The Klamath-Siskiyou Mountains are home to one of the nation’s largest deposits of serpentine, a rare, chromium-rich soil produced by weathered ultramafic rock. While relatively harmless in its benign rock and soil form, new research shows that chromium can turn into a carcinogen during wildfires. 

The study, authored by Cal Poly Humboldt soils scientist Chelsea Obeidy, breaks down how chromium can convert into a carcinogen — hexavalent chromium, or chromium-6, a toxic heavy metal dubbed the Erin Brokovich chemical for its role in the landmark water contamination lawsuit — when exposed to extreme heat. That chemical can then leach into groundwater.

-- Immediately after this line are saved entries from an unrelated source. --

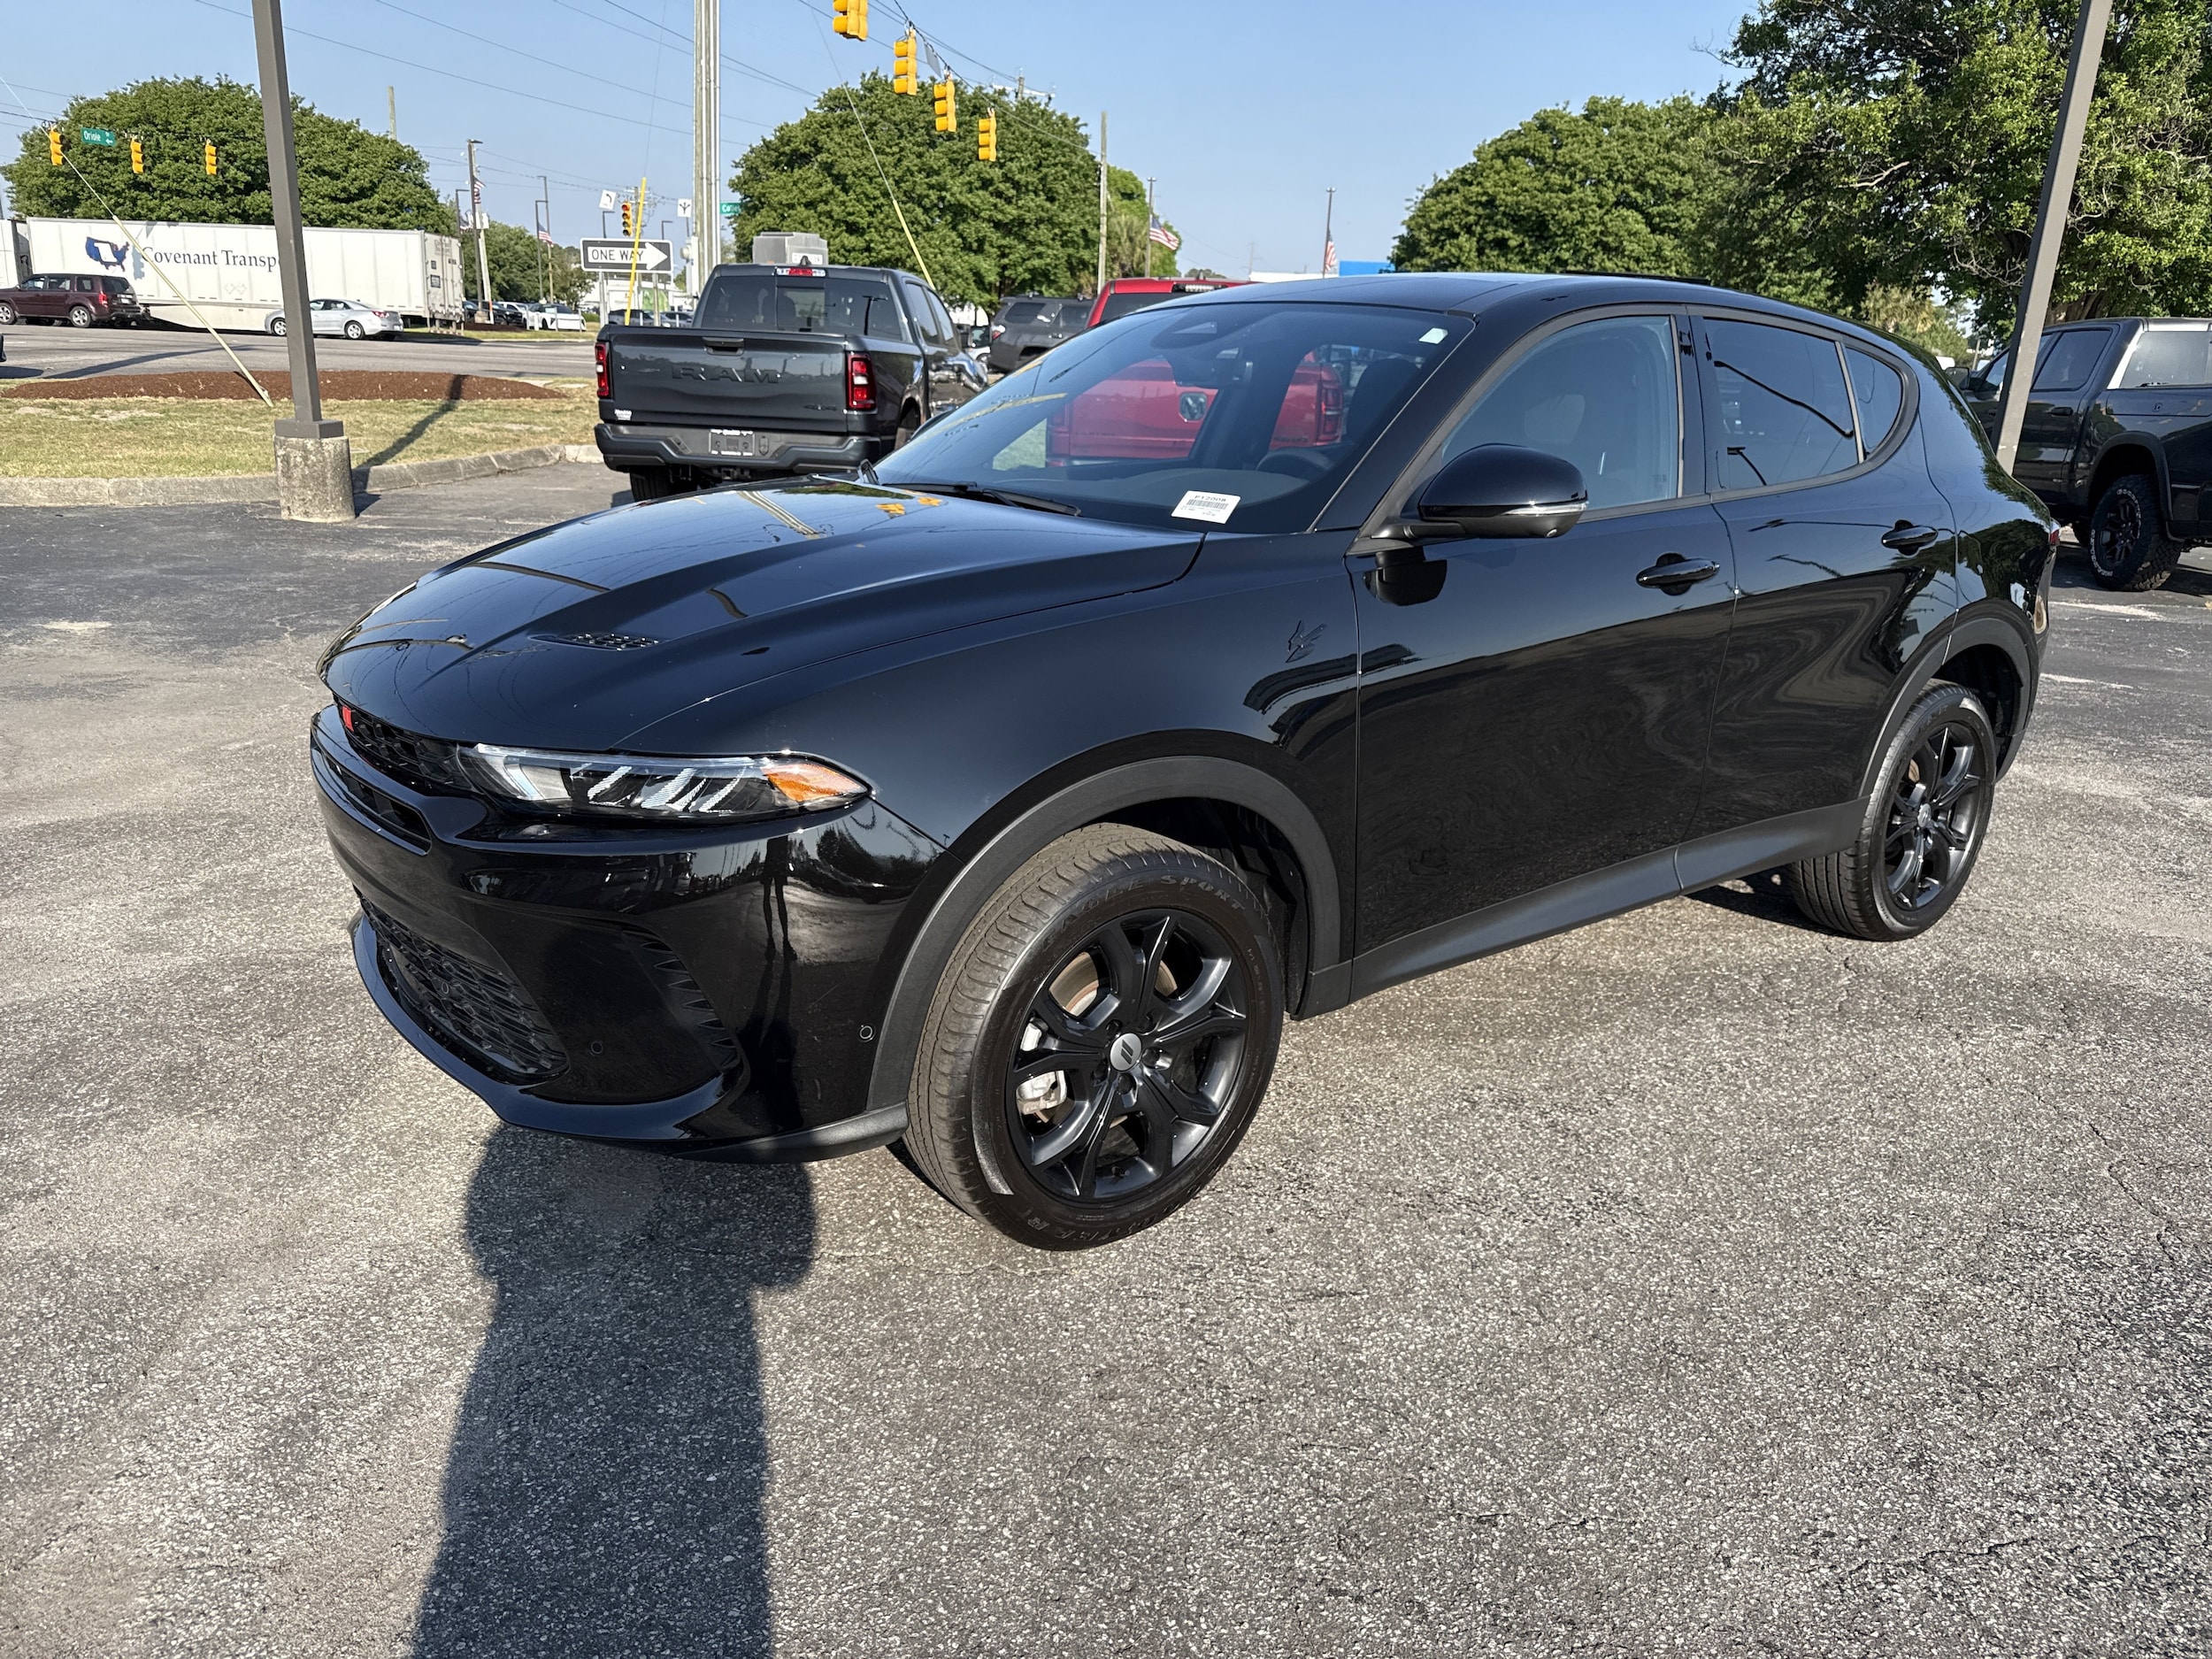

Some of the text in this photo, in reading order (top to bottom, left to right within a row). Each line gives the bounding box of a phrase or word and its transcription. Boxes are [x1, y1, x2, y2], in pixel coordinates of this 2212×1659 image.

[83, 130, 101, 142] Oriole
[142, 247, 280, 273] Covenant Transp
[591, 249, 644, 262] ONE WAY
[672, 365, 780, 384] RAM
[1159, 873, 1246, 910] SPORT

Obeidy digging up soil samples at Eight Dollar Mountain. | Photo: Matthew Polizzotto

The research, published last month in the peer-reviewed journal Environmental Science & Technology, calls for a deeper understanding of how wildfire can affect soil contaminants. “In a rapidly changing climate where soil and water resources are increasingly important and where wildfire intensity, extent, and recurrence are increasing, it is essential to understand the landscape controls on soil and water quality,” the study states. 

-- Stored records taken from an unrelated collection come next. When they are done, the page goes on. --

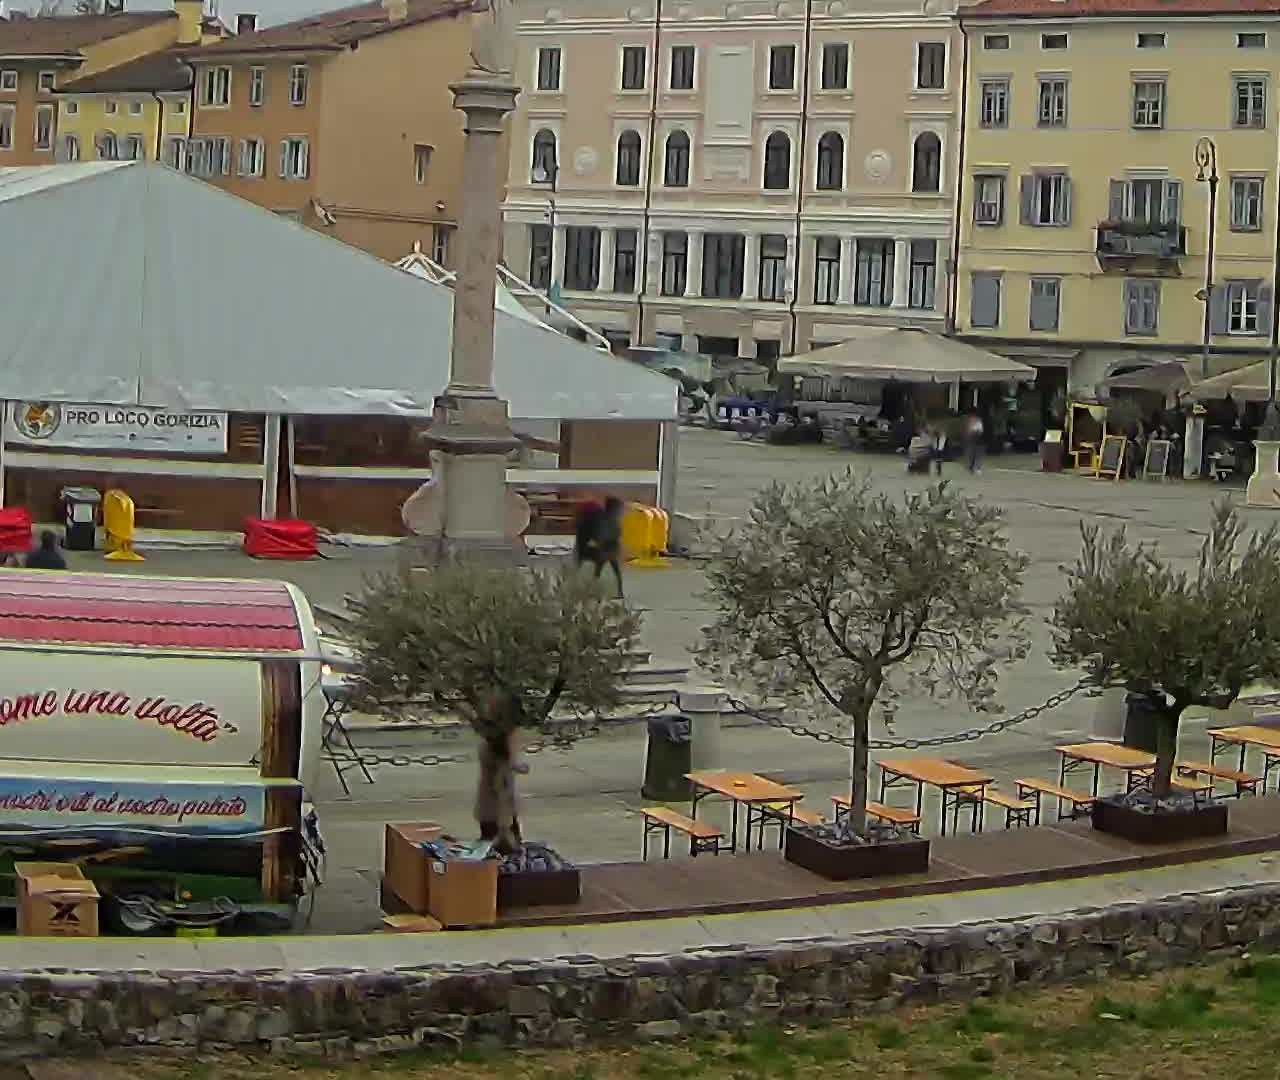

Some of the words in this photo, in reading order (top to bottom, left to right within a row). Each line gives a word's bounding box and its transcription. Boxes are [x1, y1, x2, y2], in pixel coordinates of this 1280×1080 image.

[66, 410, 100, 425] PRO
[104, 411, 150, 428] LOCO
[153, 413, 221, 429] GORIZIA
[64, 687, 130, 716] una
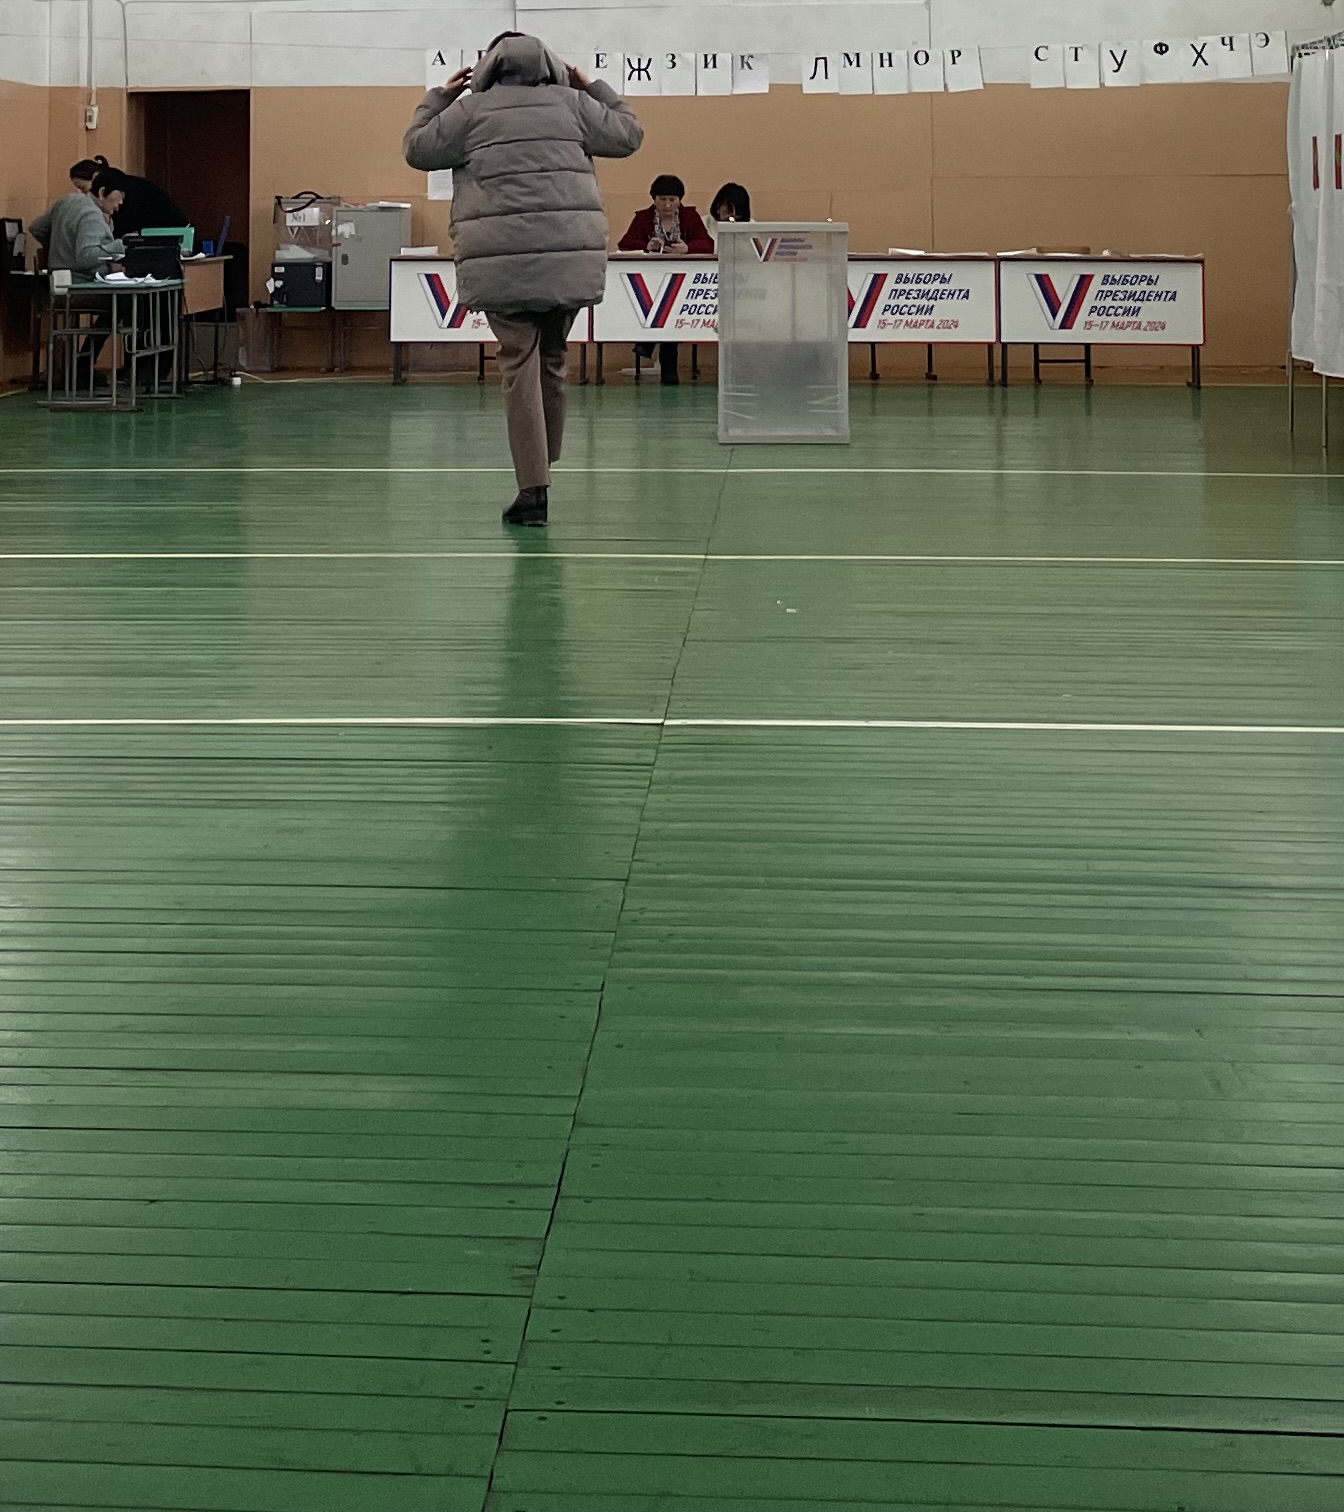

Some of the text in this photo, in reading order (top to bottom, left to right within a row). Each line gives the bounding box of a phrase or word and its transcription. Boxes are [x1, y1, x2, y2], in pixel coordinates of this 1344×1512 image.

[894, 273, 953, 285] ВЫБОРЫ
[1101, 274, 1160, 286] ВЫБОРЫ
[888, 289, 970, 301] ПРЕЗИДЕНТА
[1095, 290, 1177, 303] ПРЕЗИДЕНТА
[882, 304, 935, 316] РОССИИ
[1088, 306, 1142, 317] РОССИИ
[903, 319, 935, 329] МАРТА
[936, 319, 959, 329] 2024
[1109, 320, 1142, 331] МАРТА
[1143, 320, 1166, 332] 2024

Obeidy was inspired to look deeper into the subject while working on her Ph.D with Matthew Polizzotto, an earth scientist and environmental chemist at the University of Oregon. During her research, she came across a study out of Stanford that found elevated levels of hexavalent chromium in fire-affected soils near Santa Rosa, prompting the question: How do wildfires affect chromium-rich serpentine soils in northern California and southern Oregon?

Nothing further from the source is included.